1- Quel est votre parcours ? 

J’ai fait l’école hôtelière de Mâcon, puis j’ai continué par la voie de l’apprentissage. J’ai eu mon BP au CFA La Noue-Bourgogne avant de partir à l’armée. À mon retour, j’ai fait l’ouverture de la brasserie du Nord puis j’ai travaillé auprès de Monsieur Bocuse à Collonges. J’ai ensuite rejoint un ami à la Villa Florentine où je suis devenu sous-chef. Entretemps, j’ai aidé une amie journaliste, Sonia Ezgulian, à lancer son restaurant l’Oxalys. J’ai ensuite été sous-chef de Christian Lherm au restaurant l’Arc-en-Ciel de l’hôtel Méridien (aujourd’hui Radisson).

En partant découvrir le Japon avec Stéphane Gaborieau, alors chef de la Villa Florentine, j’ai eu l’opportunité de signer un contrat pour le restaurant le 21 de l’hôtel Hilton à Tokyo. De retour sur Lyon, j’ai trouvé un poste à la Plage, une jolie petite adresse située vers le musée des Tissus. En parallèle, mes amis de chez Bocuse m’ont inscrit au concours pour devenir l’un des Meilleurs Ouvrier de France. J’ai eu la chance d’être qualifié en final et d’avoir le titre. Après une expérience à Genève, j’ai accepté le défi de redresser le Moulin de Mougins, alors en déclin. À 40 ans, j’ai eu envie de m’installer dans une région viticole entre Lyon et Beaune. Trouver un établissement à Fuissé était inespéré ! Ça va faire 10 ans maintenant. 

2- Vous qui êtes sensible à la nature et à l’environnement, pourquoi avoir fait le choix de devenir cuisinier et pas vigneron ?

Initialement, je souhaitais devenir garde-chasse. Mes parents étant modestes, ils n’avaient pas les moyens de m’envoyer dans l’école la plus proche, située en Sologne. Il a donc fallu trouver autre chose. Après avoir fait un apprentissage chez Monsieur Carrette (le père de Jean-Michel Carrette), mon frère a ouvert un restaurant à Bourg-en-Bresse. J’aimais travailler chez lui le vendredi soir après l’école et le samedi. J’avais 13 ans, cette vie décalée me plaisait. Je me couchais tard, j’aimais l’adrénaline du service, finir par un casse-croûte avec l’équipe et voir partir les clients avec le sentiment de les avoir rendus un peu plus heureux. Même si j’aimais cuisiner, c’est finalement le rythme de vie qui m’a donné envie de choisir ce métier. 
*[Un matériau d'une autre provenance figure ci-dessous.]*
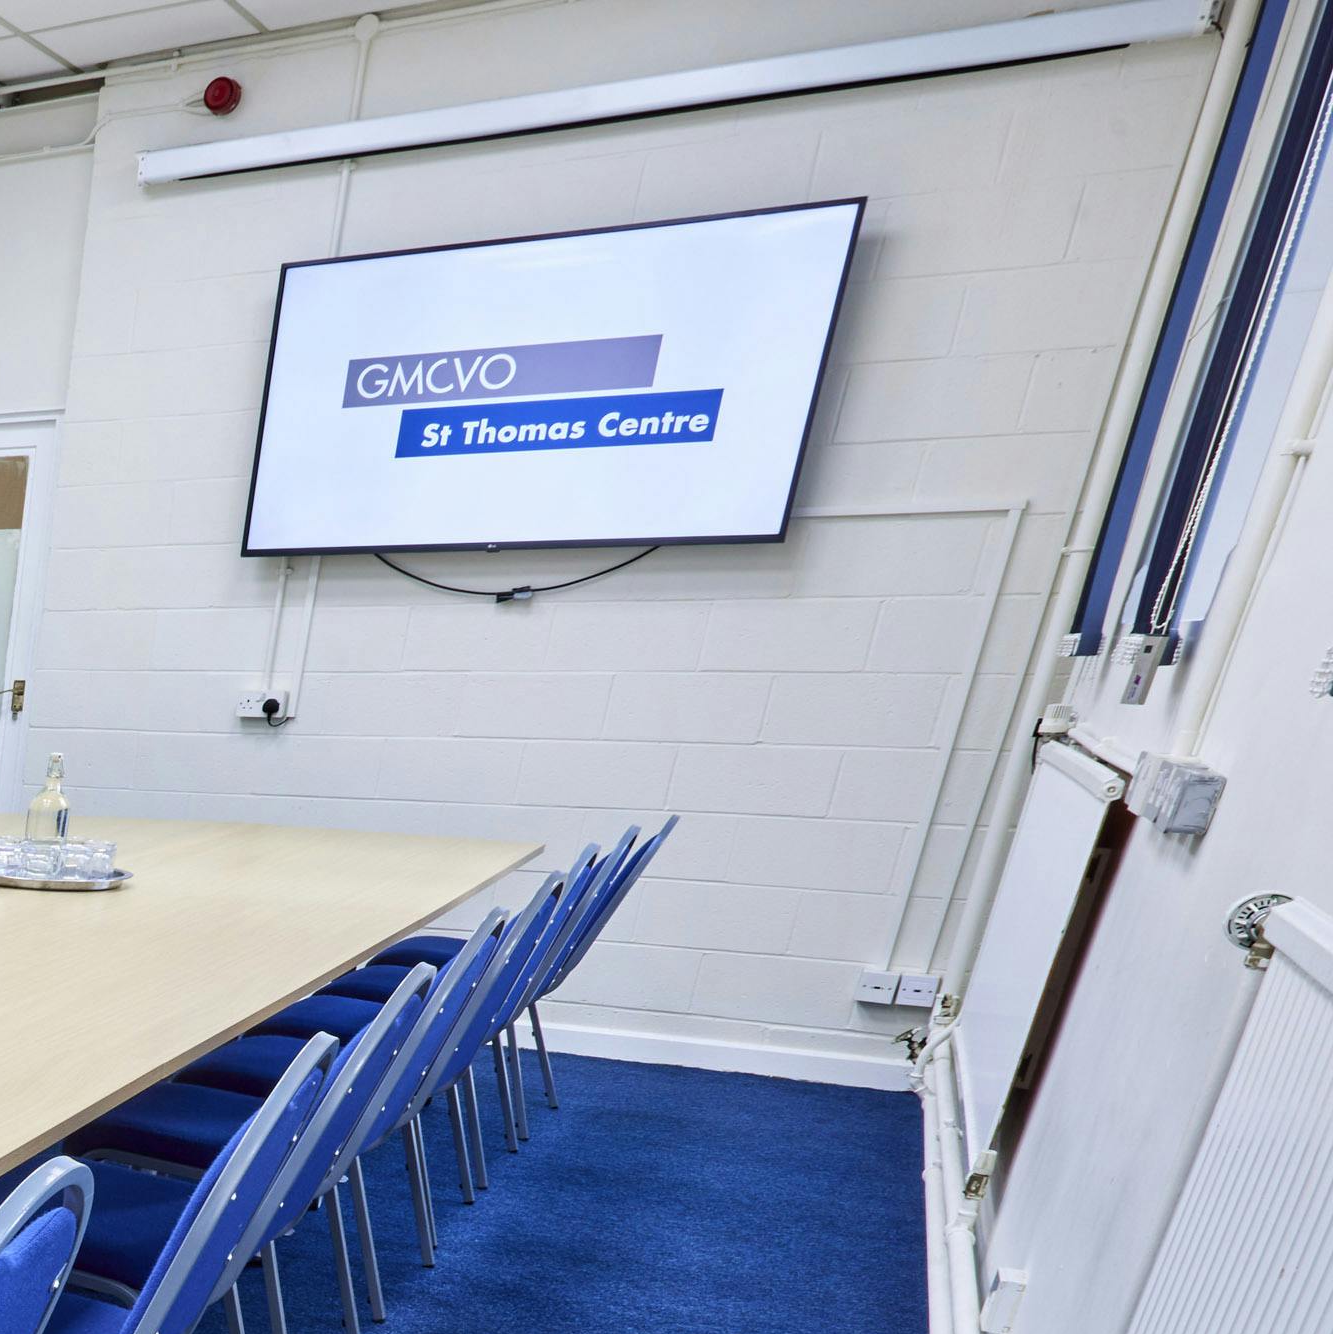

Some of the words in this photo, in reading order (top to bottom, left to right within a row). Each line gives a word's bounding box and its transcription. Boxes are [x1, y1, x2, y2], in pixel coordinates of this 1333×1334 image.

3- Comment votre expérience à Tokyo a-t-elle influencé votre cuisine et votre manière de vivre ?

Elle a influencé ma manière de vivre significativement. Je travaillais dans un restaurant où la cuisine était ouverte sur la salle. Nous devions donc faire attention à notre manière d’être et d’agir. Au Japon, il y a un grand respect entre les collaborateurs, quel que soit le niveau hiérarchique. Il n’y a pas un mot plus haut que l’autre. Les codes de la bienveillance sont omniprésents. En France, j’étais connu pour être un chef d’une nature assez calme mais au Japon c’est décuplé ! J’ai appris à être plus zen, à réagir différemment quand un problème survient.

Travailler au Japon a également transformé mon approche du produit. Quand on commande un bouquet de ciboulette en France, les douze premiers centimètres sont beaux mais le reste est étranglé par un élastique. Au Japon, la ciboulette est livrée dans une mini cagette, à plat sur deux étagères et les brins sont magnifiques. Chez eux, tout a une histoire, tout est respecté. 

« Cuisinier est un métier où il faut allier le sens des voyages et la mémoire de ses racines. »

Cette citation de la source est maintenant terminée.